If you are interested in differences within cell types (e.g. between samples/conditions), you should instead run the method separately for each cell type. In this way, the background bins will be defined based on the enrichment in the given cell type, leading to better capture of the bias. The drawback, however, is that the values won’t be comparable across cell types. To test across conditions, we also recommend using it on pseudobulk data.
The only step of the process that needs to be done across the entire
dataset is the computing of the expectation, i.e. the mean (or weighted
mean) for each region across all cells, and the creation of the
background bins, which depends on it. Everything else can easily be
executed in chunks (of cells), as is done for multi-threading in the
betterChromVAR() function. This can be done manually on the
full dataset, and then passed to downstream functions for computations
on subsets of the data:
## Creating 50*50=2500 bias bins and computing their sampling distances
Then we can apply the next steps only on subset of the data:
bg2 <- computeBackgrounds(counts[,1:3], bg, expectation = ex)

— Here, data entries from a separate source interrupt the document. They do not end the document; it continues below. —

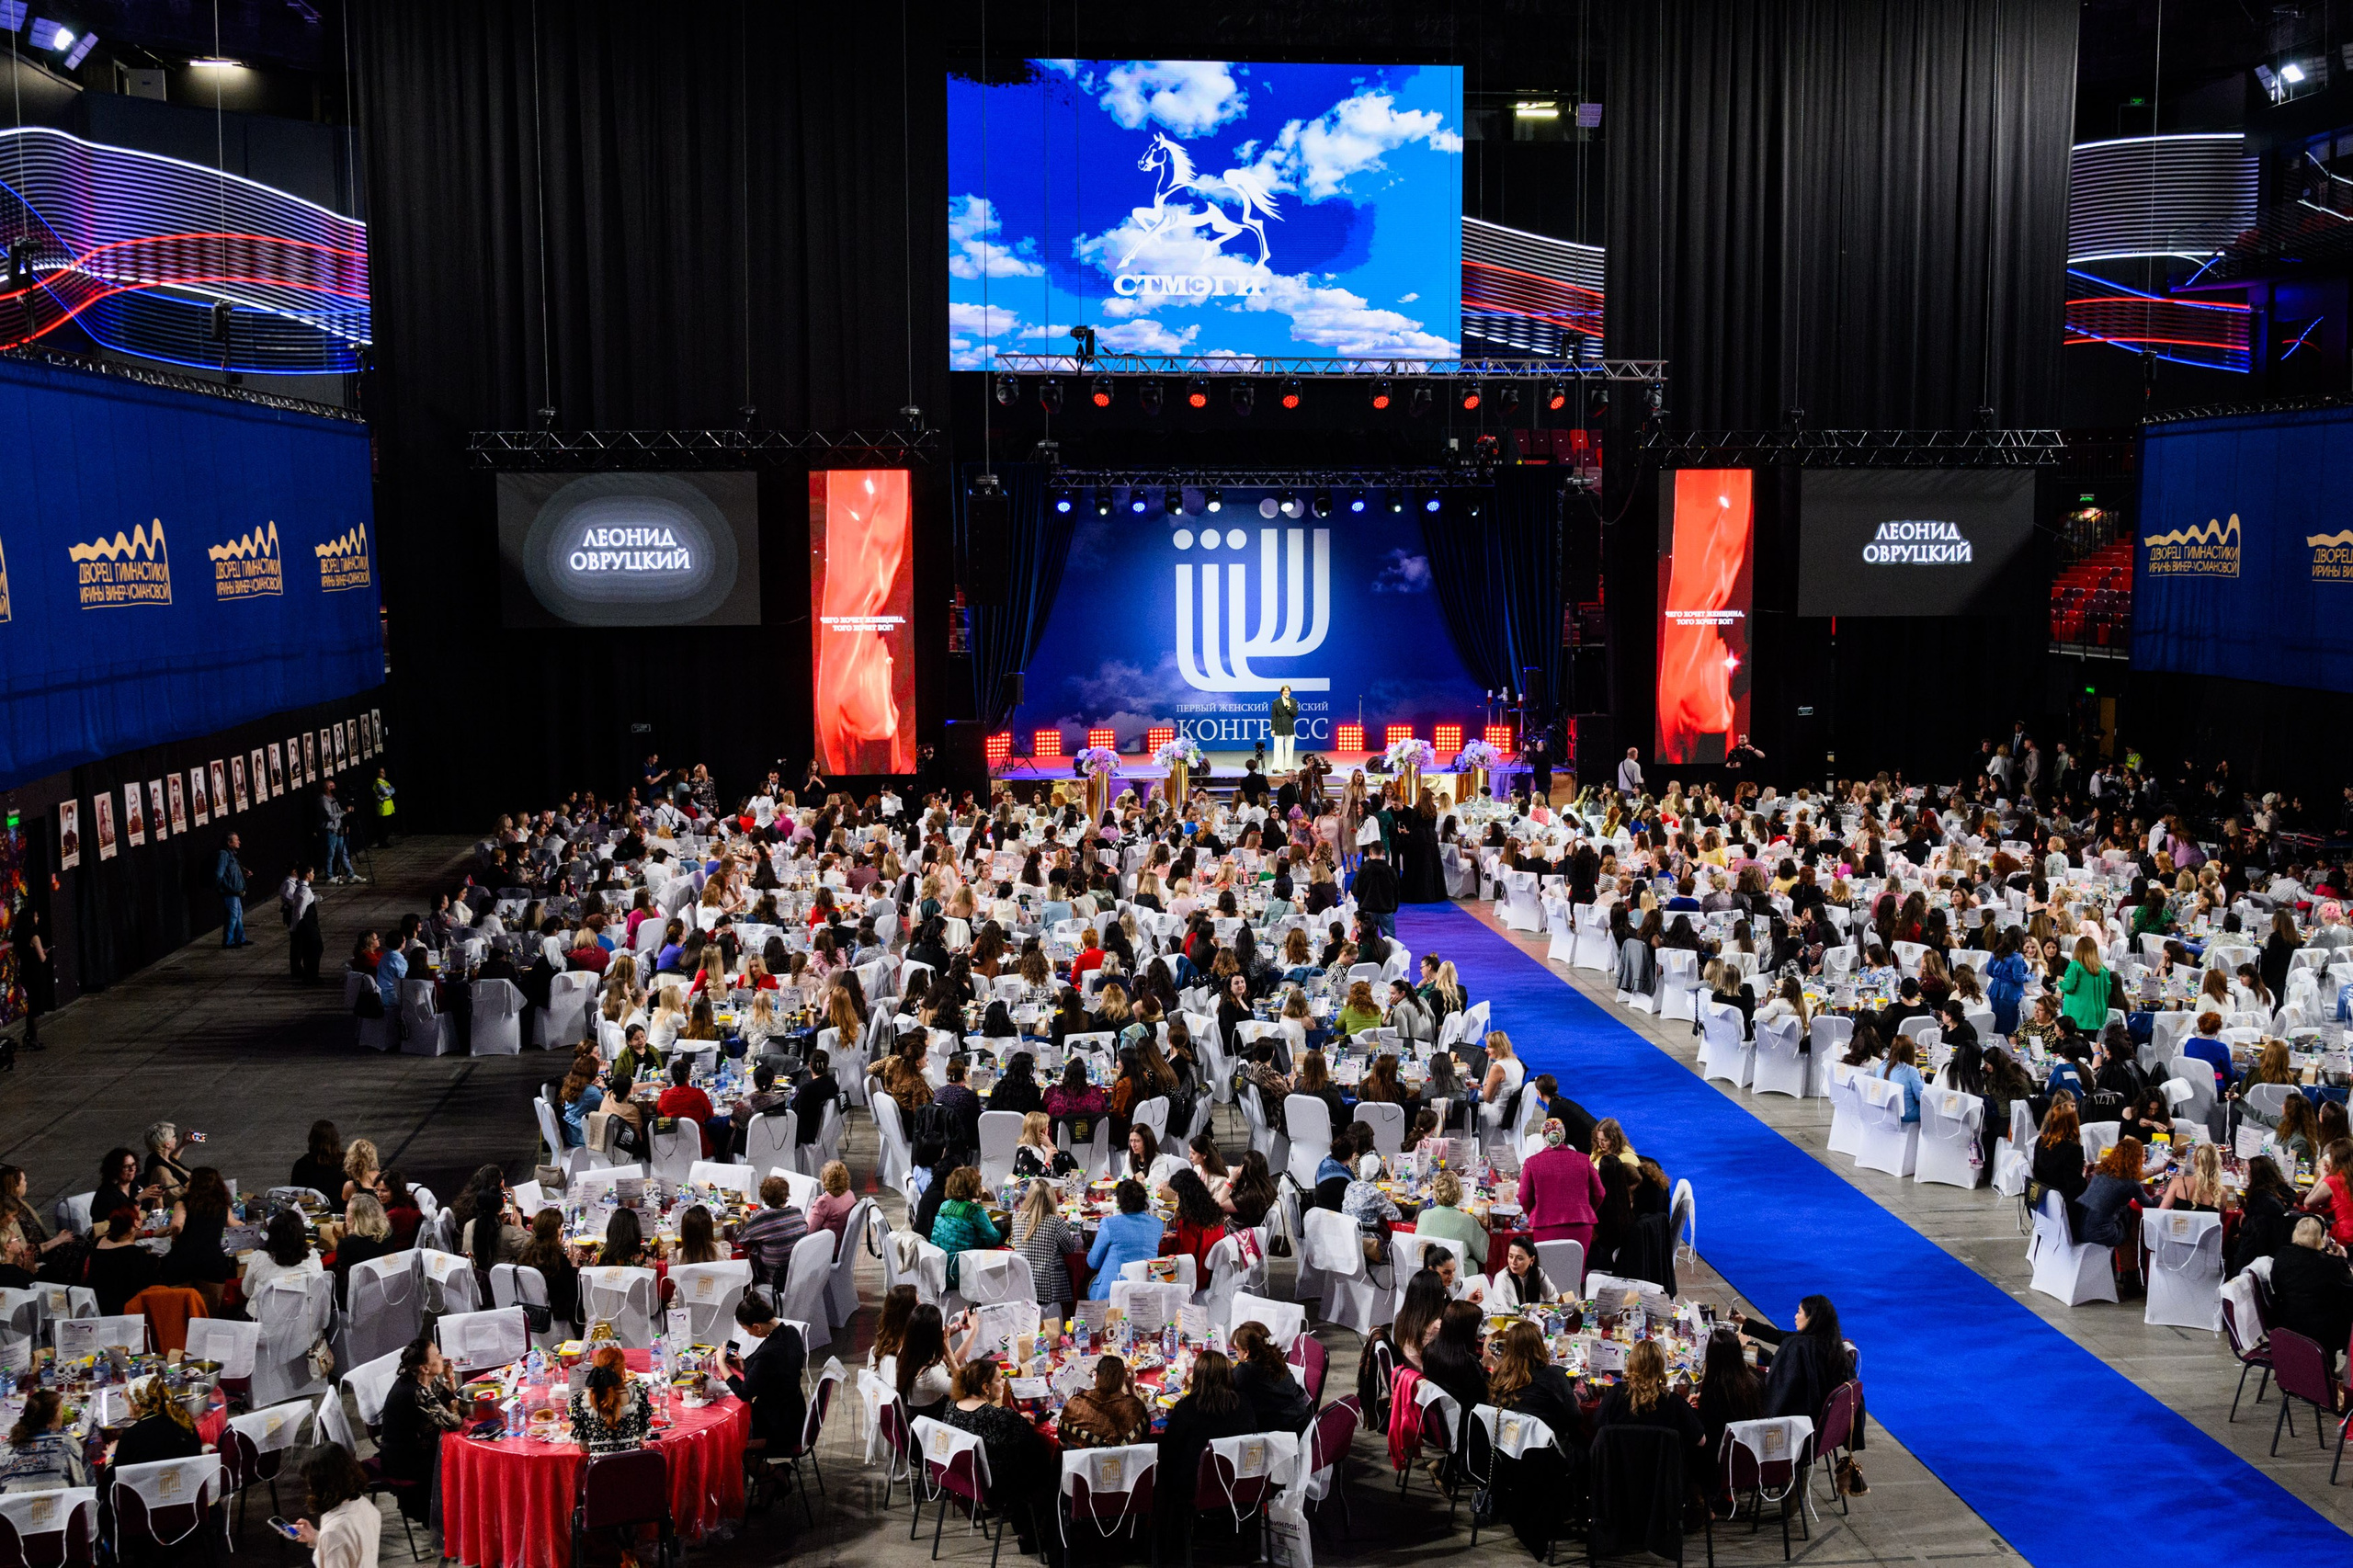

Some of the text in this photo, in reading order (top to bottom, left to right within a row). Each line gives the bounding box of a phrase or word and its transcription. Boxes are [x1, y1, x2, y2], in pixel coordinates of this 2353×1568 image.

[1113, 274, 1264, 296] СТМЭГИ
[583, 528, 676, 547] ЛЕОНИД
[1875, 522, 1961, 540] ЛЕОНИД
[570, 548, 690, 571] ОВРУЦКИЙ
[1863, 541, 1972, 562] ОВРУЦКИЙ
[2150, 545, 2238, 561] ДВОРЕЦ ГИМНАСТИКИ
[79, 562, 168, 584] ДВОРЕЦ ГИМНАСТИКИ
[215, 558, 280, 579] ДВОРЕЦ ГИМНАСТИКИ
[2172, 561, 2237, 574] ВИНЕР-УСМАНОВОЙ
[2312, 565, 2341, 577] ИРИНЫ
[80, 583, 170, 603] ИРИНЫ ВИНЕР-УСМАНОВОЙ
[216, 580, 234, 596] ИРИНЫ
[1176, 702, 1217, 712] ПЕРВЫЙ
[1219, 701, 1269, 712] ЖЕНСКИЙ
[1176, 718, 1329, 741] КОНГРСС
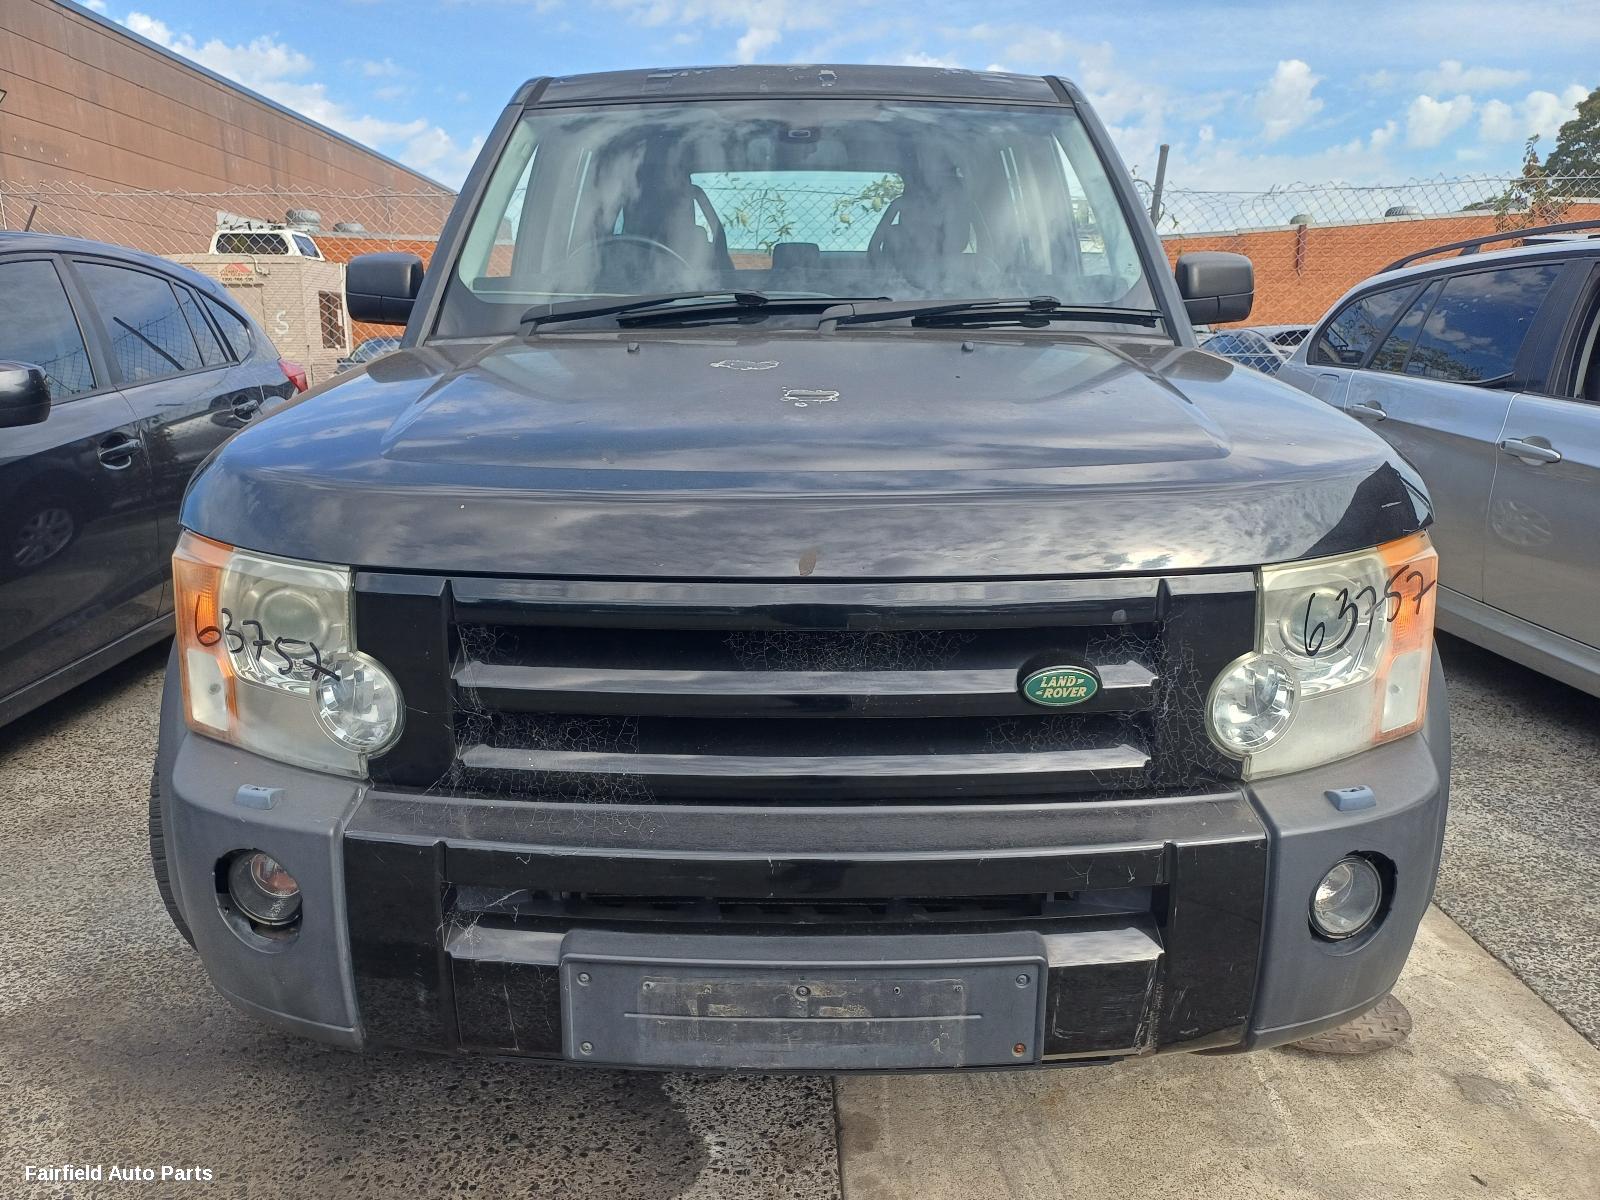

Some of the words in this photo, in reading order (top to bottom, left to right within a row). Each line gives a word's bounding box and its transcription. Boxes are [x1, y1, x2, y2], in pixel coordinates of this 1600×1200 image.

dev2 <- computeDeviationsAnalytic(counts[,1:3], bg2, motifMatches)
# this should be identical to what we had run on the whole object:
identical(assay(dev)[,1:3], assay(dev2))## [1] FALSE
If data is on disk, rather than in memory, and you are adjusting the
expectation based on cell-type abundance using the grouping
argument, getBackgroundBins will load the entire count
matrix into memory. To avoid this, compute the mean per group using
block-wise operations, for instance using the
aggregateAcrossCells() function of the scrapper
package, and then use the rowMeans() of that as
expectation.
The general chromVAR approach, and in particular the deterministic
version implemented here, is also amenable to be used to normalize GC-
and enrichment bias out of bulk ATAC-seq data. This is implemented in
the CVnorm() function. In addition, if given a grouping of
the samples (e.g. experimental conditions), the function applies a
variance-based smoothing of the bias correction, inspired by smoothed
quantile normalization (see the qsmooth
package or Hicks et al. (2018) ). In a
nutshell, if the bias in a certain background bin is explained by
experimental groups, it will be less corrected than if it varies across
samples of the groups6.
Example usage:
# we assign arbitrary groups to the samples:
counts$group <- rep(LETTERS[1:2], each=5)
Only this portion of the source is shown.